The current state seems to be "a single attending is more efficient practicing solo than the same attending overseeing five residents"
The value of residents varies a lot by experience and specialty. Like a 1st-year neurosurgery resident might be worse than useless and a huge burden to everyone around them. Whereas a 3rd-year family medicine resident can do a lot with minimal supervision.
I already mostly see NPs for my checkups. If they aren't sure, then I can jump through the hoops to get a Physician.
It works well and I get plenty of time to discuss things during my appointments.
EDIT: I still think my original point may stand for specialists however, we'll have to see how it shakes out and what healthcare systems under more stress than ours decide to do in the near future.
The lack of doctors allows hospitals to charge more money for access to the ones they have. And right now the government foots the bill for training new doctors.
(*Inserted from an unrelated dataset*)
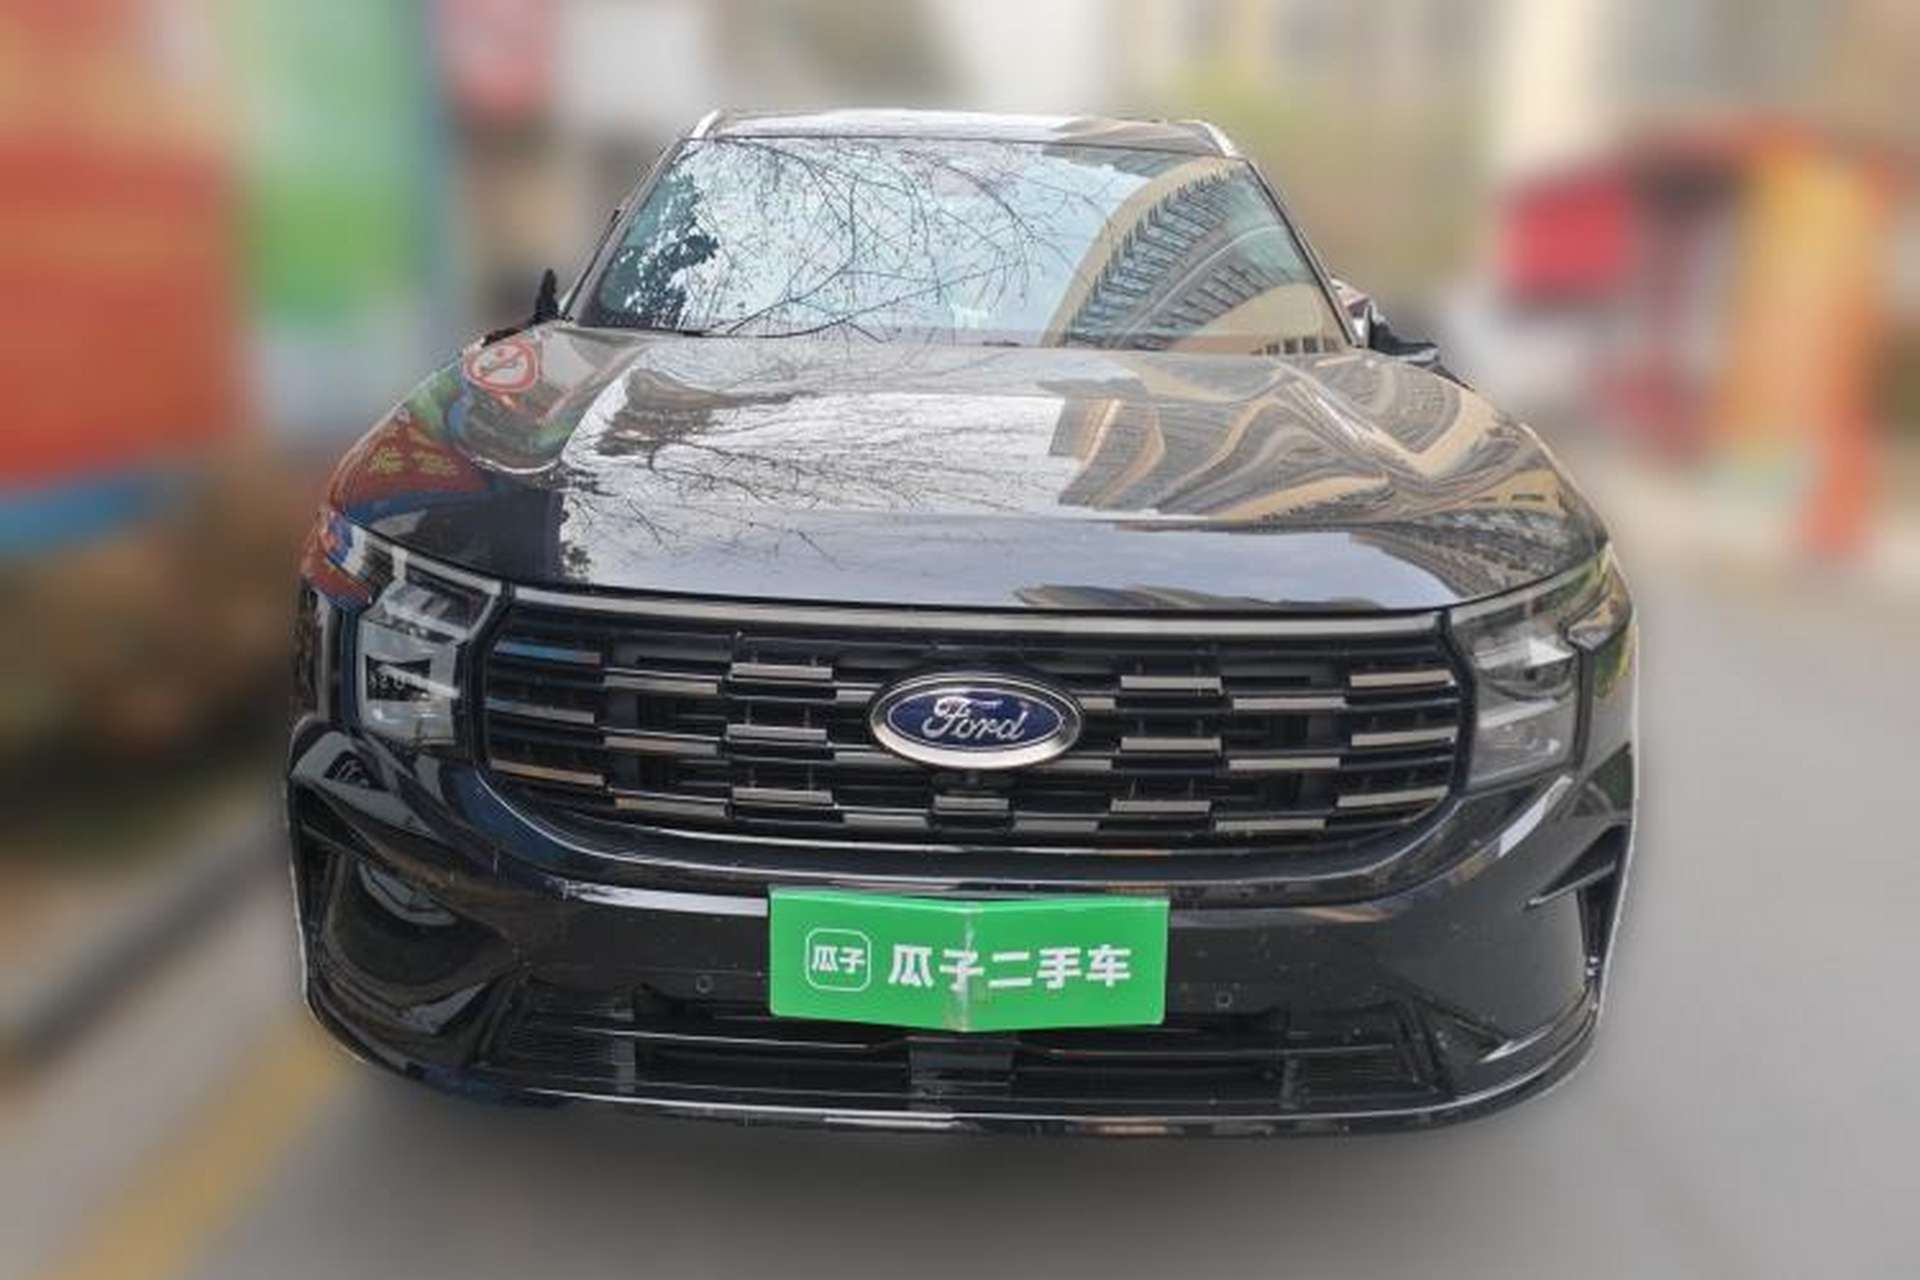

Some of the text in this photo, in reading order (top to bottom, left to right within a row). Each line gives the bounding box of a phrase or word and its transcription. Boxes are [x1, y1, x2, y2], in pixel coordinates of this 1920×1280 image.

If they funded new residency slots they'd simultaneously increase their expenses, and reduce long-term revenues. Even if the resident's work is profitable by itself - in the sense of generating more in billings than the costs in salary, benefits, and teaching time - it could be bad for the hospital in a decade or two.
If the government simply ended the practice of funding residencies then hospitals and the rest of the medical establishment would be forced to come up with a new approach. Until then they're content to ride the gravy train.
Maybe the graduate medical education programs would have to compete on price as well as quality and reputation?
I think there are parallels to nursing as well, with increasing credentialism and then creation of new classes. 30 years ago nurses entered the workforce with a 2 year associates from a junior college. Heck, my highschool had a nursing occupational program.
Regulation, left unchecked, favors constant indirect damage from shortage to more visible direct harms.
This is why it takes 3000 hours of training to cut someone's hair.